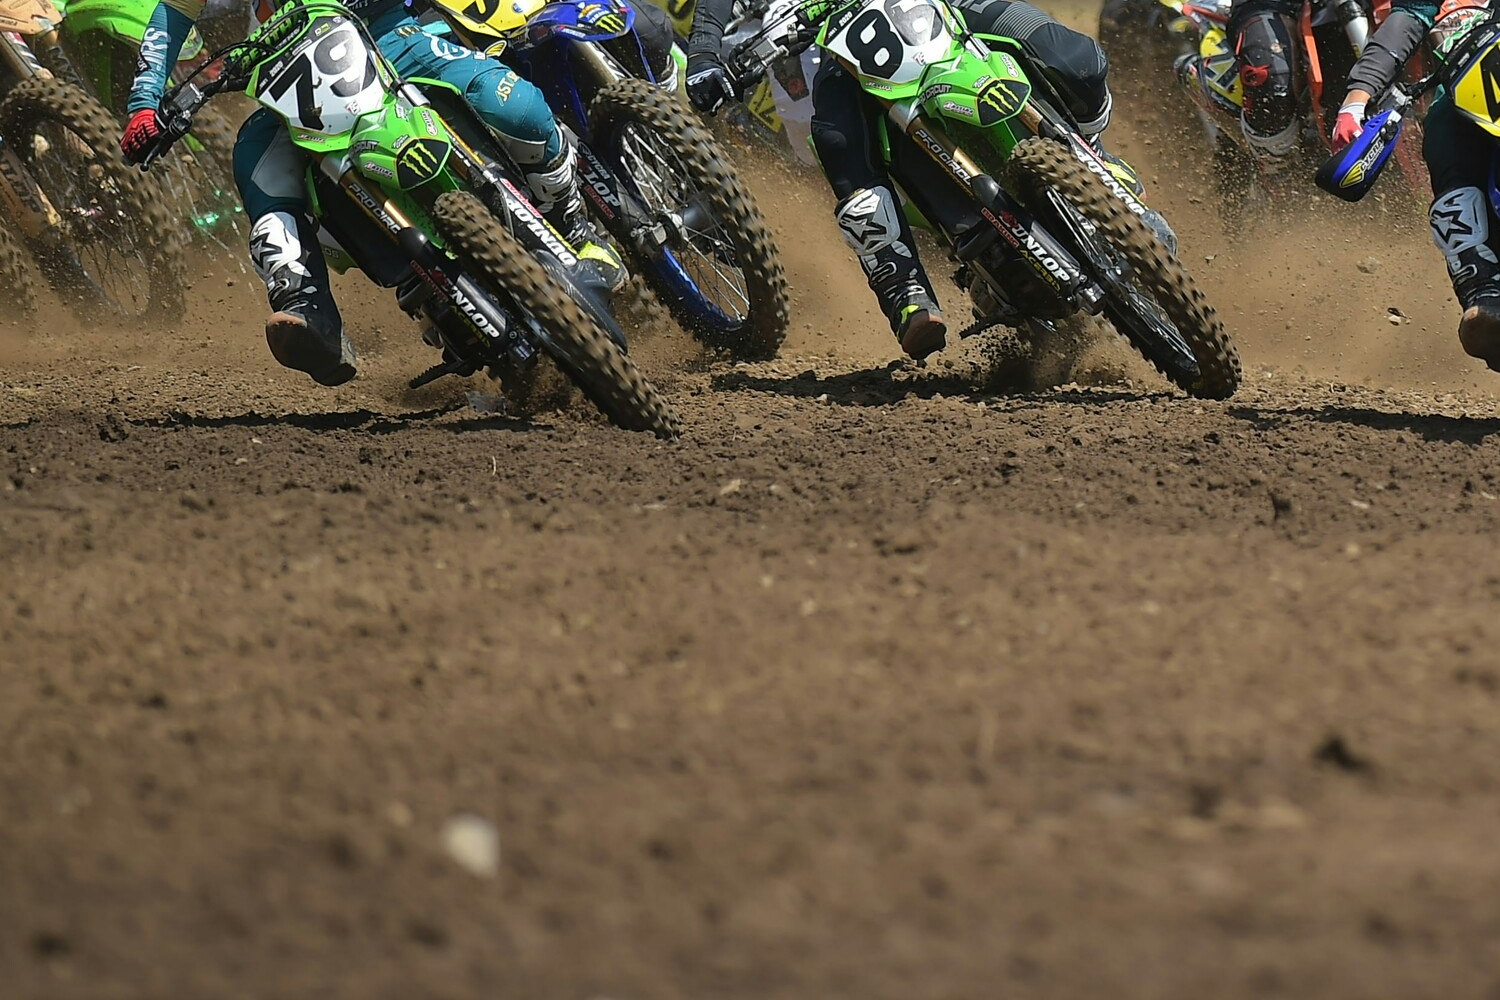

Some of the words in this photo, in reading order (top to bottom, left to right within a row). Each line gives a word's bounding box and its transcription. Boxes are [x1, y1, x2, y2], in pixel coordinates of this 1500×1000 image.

[838, 11, 853, 28] 2020
[268, 29, 377, 131] 79
[915, 129, 942, 156] PRO
[1361, 138, 1385, 171] CYCRA
[349, 182, 376, 210] PRO
[1075, 149, 1146, 215] DUNLOP
[504, 196, 578, 267] DUNLOP
[983, 209, 1018, 247] BRAKING
[1019, 249, 1061, 293] ACERBIS

_INSTRUCTIONS TO FOLLOW:_
Would you repeat the entries exactly, keeping the images out?

_PROBLEM SOLUTION:_
Some of the words in this photo, in reading order (top to bottom, left to right within a row). Each line gives a word's bounding box and its transcription. Boxes are [x1, y1, x2, y2], in pixel coordinates of this 1500×1000 image.

[838, 11, 853, 28] 2020
[268, 29, 377, 131] 79
[915, 129, 942, 156] PRO
[1361, 138, 1385, 171] CYCRA
[349, 182, 376, 210] PRO
[1075, 149, 1146, 215] DUNLOP
[504, 196, 578, 267] DUNLOP
[983, 209, 1018, 247] BRAKING
[1019, 249, 1061, 293] ACERBIS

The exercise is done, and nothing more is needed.